Arthur C. Clarke
Introduced geosynchronous orbits for satellites, noted science fiction writer.
Arthur C. Clarke was born in Minehead, England on December 16, 1917. Raised on his family's farm, he became interested in science when he was six, and built his first telescope at the age of thirteen. The following year his father died, and four years later, in 1936, Arthur dropped out of school due to financial difficulties and moved to London. There he joined the British Interplanetary Society (BIS) while working as a government auditor. He started to experiment with astronautic material in the BIS while writing the BIS Bulletin and science fiction stories.
During World War II, as a Royal Air Force officer, Clarke was in charge of the first radar talk-down equipment, the Ground Controlled Approach, during its experimental trials. After the war, he returned to London and to the BIS, resuming his role as president from 1946 to 1947, and again from 1950 to 1953.
In 1945, Clarke published the technical paper "Extra-terrestrial Relays," in which he expounded the principles of improving communication by placing satellites in geostationary orbits (meaning each satellite would stay directly above a fixed point on the Earth's equator). His idea did not become reality until 1963 with America's launch of the first satellite in a geostationary orbit, Syncom 2. Today, the geostationary orbit 26,000 miles above the Earth is named the Clarke Orbit by the International Astronomical Union, and the satellites in the orbit are called the Clarke Belt.
One of the most prolific science fiction writers in history, Arthur C. Clarke was perhaps best known for writing the 1948 short story, "The Sentinel," which became the basis for the classic 1968 motion picture 2001: A Space Odyssey. His novels and stories often centered on space travel and other ways in which technology shapes the future. His works were noted for their scientific accuracy and their discussion of man's role in an ever more technological society.
Arthur C. Clarke also helped popularize actual space exploration, helping to broadcast the Apollo 11, 12, and 15 missions with Walter Cronkite and Wally Schirra for CBS television. In 1982, he published a sequel to 2001, 2010: Odyssey Two and helped write the 1984 movie adaptation, 2010.
In 1981, his TV series Arthur C. Clarke's Mysterious World debuted followed by Arthur C. Clarke's World of Strange Powers in 1984. On May 26, 2000, Clarke was formally presented with the "Award of Knight Bachelor" by the British government. Sir Arthur C. Clarke passed away on March 19, 2008 at his home in Sri Lanka. Asteroid 4923 Clarke is named in his honor.
Creative Quotations from Arthur C. Clarke
"We have to abandon the idea that schooling is something restricted to youth. How can it be, in a world where half the things a man knows at 20 are no longer true at 40 -- and half the things he knows at 40 hadn't been discovered when he was 20?"
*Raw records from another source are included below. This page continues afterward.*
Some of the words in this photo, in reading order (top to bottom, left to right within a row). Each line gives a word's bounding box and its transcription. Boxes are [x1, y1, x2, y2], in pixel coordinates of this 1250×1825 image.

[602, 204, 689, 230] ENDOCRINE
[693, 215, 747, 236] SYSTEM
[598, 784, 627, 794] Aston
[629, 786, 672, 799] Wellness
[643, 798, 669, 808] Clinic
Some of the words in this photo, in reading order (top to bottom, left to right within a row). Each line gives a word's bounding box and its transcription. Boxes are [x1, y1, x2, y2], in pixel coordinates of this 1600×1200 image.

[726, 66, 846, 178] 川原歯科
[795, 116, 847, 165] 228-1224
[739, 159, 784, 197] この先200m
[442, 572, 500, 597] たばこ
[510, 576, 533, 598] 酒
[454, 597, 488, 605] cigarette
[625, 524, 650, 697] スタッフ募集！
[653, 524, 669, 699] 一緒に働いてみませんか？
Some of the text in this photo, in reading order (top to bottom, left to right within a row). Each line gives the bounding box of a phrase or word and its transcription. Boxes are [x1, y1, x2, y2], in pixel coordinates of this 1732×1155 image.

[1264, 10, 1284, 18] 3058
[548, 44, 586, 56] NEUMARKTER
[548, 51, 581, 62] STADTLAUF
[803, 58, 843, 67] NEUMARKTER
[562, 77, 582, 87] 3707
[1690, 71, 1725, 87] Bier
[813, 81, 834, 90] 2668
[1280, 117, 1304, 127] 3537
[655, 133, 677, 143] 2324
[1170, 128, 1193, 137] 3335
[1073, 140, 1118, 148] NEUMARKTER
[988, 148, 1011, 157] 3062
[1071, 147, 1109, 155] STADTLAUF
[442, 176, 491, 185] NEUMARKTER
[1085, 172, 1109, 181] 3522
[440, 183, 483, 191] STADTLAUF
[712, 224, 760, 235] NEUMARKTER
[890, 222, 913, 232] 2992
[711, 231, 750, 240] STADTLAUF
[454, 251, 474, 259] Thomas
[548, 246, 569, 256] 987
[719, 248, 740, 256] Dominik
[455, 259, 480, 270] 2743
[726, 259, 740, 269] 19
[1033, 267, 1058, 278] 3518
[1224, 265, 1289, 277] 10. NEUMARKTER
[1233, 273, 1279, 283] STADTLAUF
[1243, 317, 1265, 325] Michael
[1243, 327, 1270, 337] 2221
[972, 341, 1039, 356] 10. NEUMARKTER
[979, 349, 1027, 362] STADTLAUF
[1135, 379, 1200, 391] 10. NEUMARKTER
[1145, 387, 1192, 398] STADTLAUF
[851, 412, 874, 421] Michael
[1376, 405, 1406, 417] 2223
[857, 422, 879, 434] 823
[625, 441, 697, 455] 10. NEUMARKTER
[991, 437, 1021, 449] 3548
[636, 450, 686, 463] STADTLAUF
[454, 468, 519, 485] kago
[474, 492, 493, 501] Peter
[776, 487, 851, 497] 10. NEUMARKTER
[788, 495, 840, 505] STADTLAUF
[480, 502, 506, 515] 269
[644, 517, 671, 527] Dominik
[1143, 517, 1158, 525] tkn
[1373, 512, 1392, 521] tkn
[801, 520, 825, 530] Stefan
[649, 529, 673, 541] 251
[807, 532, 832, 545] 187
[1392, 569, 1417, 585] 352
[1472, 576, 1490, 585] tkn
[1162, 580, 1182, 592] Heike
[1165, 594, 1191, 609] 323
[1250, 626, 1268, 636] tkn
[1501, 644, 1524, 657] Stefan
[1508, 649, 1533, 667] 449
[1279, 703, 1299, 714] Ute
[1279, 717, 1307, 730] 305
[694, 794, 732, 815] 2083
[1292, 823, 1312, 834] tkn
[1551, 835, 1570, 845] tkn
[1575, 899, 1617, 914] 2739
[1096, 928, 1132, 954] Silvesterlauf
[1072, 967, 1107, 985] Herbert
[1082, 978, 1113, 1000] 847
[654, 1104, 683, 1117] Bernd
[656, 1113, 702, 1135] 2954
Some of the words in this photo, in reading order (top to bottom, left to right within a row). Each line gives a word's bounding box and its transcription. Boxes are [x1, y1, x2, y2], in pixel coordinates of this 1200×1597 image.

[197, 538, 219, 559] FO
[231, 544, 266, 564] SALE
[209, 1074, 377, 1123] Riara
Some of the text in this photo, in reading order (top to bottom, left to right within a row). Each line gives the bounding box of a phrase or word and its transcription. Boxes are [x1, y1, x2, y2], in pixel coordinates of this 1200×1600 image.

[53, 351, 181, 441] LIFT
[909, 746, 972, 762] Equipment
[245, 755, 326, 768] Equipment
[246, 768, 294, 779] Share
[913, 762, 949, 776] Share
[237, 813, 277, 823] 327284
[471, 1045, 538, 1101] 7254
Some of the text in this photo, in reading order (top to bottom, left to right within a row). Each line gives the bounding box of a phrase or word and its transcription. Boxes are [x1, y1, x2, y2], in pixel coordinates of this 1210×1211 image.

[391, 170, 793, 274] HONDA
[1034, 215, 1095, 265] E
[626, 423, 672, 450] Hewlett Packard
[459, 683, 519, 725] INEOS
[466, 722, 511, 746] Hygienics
"I don't pretend we have all the answers. But the questions are certainly worth thinking about."
"The only way of finding the limits of the possible is by going beyond them into the impossible."
"The moon is the first milestone on the road to the stars."
"If an elderly but distinguished scientist says that something is possible he is almost certainly right, but if he says that it is impossible he is very probably wrong."